Prev Chronic Dis. 2014 Feb 13;11:E21. doi: 10.5888/pcd11.130215.
Community-based approaches to preventing chronic diseases are attractive because of their broad reach and low costs, and as such, are integral components of health care reform efforts. Implementing community-based initiatives across Massachusetts' municipalities presents both programmatic and evaluation challenges. For effective delivery and evaluation of the interventions, establishing a community typology that groups similar municipalities provides a balanced and cost-effective approach.
Through a series of key informant interviews and exploratory data analysis, we identified 55 municipal-level indicators of 6 domains for the typology analysis. The domains were health behaviors and health outcomes, housing and land use, transportation, retail environment, socioeconomics, and demographic composition. A latent class analysis was used to identify 10 groups of municipalities based on similar patterns of municipal-level indicators across the domains.

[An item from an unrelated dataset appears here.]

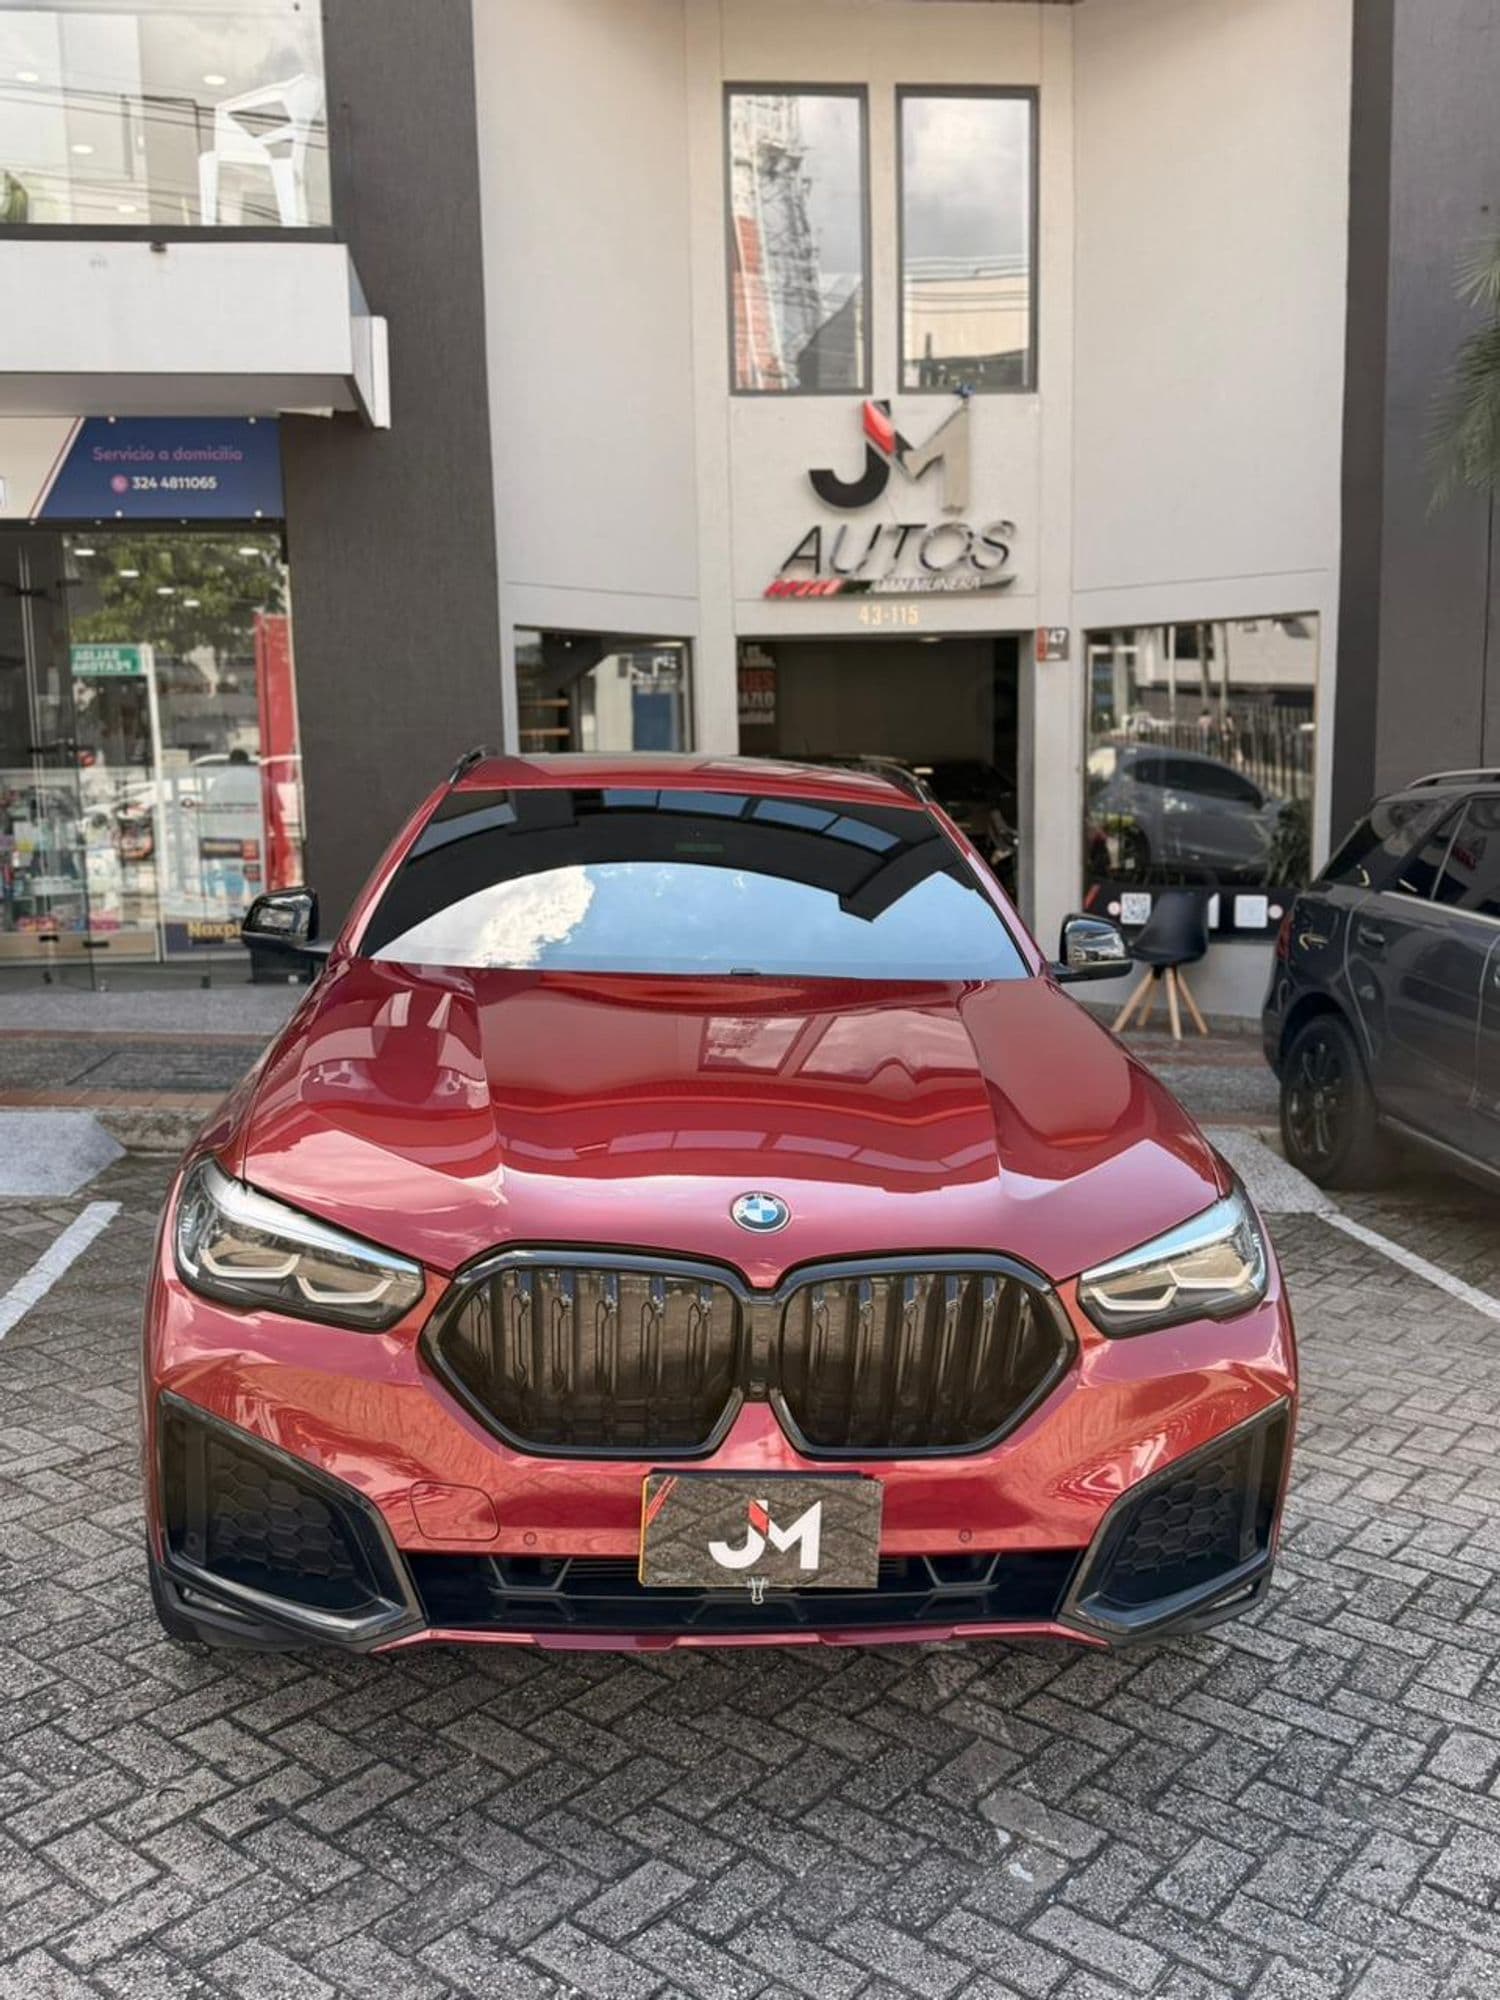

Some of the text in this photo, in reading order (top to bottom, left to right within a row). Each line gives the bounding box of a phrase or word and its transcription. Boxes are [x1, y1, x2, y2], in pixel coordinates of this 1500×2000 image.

Our model with 10 latent classes yielded excellent classification certainty (relative entropy = .995, minimum class probability for any class = .871), and differentiated distinct groups of municipalities based on health-relevant needs and resources. The classes differentiated healthy and racially and ethnically diverse urban areas from cities with similar population densities and diversity but worse health outcomes, affluent communities from lower-income rural communities, and mature suburban areas from rapidly suburbanizing communities with different healthy-living challenges.
Latent class analysis is a tool that may aid in the planning, communication, and evaluation of community-based wellness initiatives such as Community Transformation Grants projects administrated by the Centers for Disease Control and Prevention.
基于社区的慢性病预防方法具有广泛的覆盖面和低成本的优势,因此是医疗保健改革努力的重要组成部分。在马萨诸塞州的各个城市实施基于社区的倡议既具有项目方面的挑战,也具有评估方面的挑战。为了有效地提供和评估干预措施,建立一个将类似城市分组的社区分类法提供了一种平衡且具有成本效益的方法。
通过一系列关键知情人访谈和探索性数据分析,我们确定了 6 个领域的 55 个市级指标用于进行分类法分析。这些领域包括健康行为和健康结果、住房和土地利用、交通、零售环境、社会经济和人口构成。使用潜在类别分析根据各领域市级指标的相似模式,确定了 10 个城市组。
我们的 10 个潜在类别模型具有出色的分类确定性(相对熵=.995,任何类别最小类别概率=.871),并根据与健康相关的需求和资源区分了不同的城市群体。这些类别区分了健康且种族和族裔多样化的城市地区与人口密度和多样性相似但健康状况较差的城市、富裕社区与低收入农村社区、以及成熟的郊区与具有不同健康生活挑战的快速郊区化社区。
潜在类别分析是一种工具,可用于规划、沟通和评估基于社区的健康倡议,例如疾病控制和预防中心管理的社区转型赠款项目。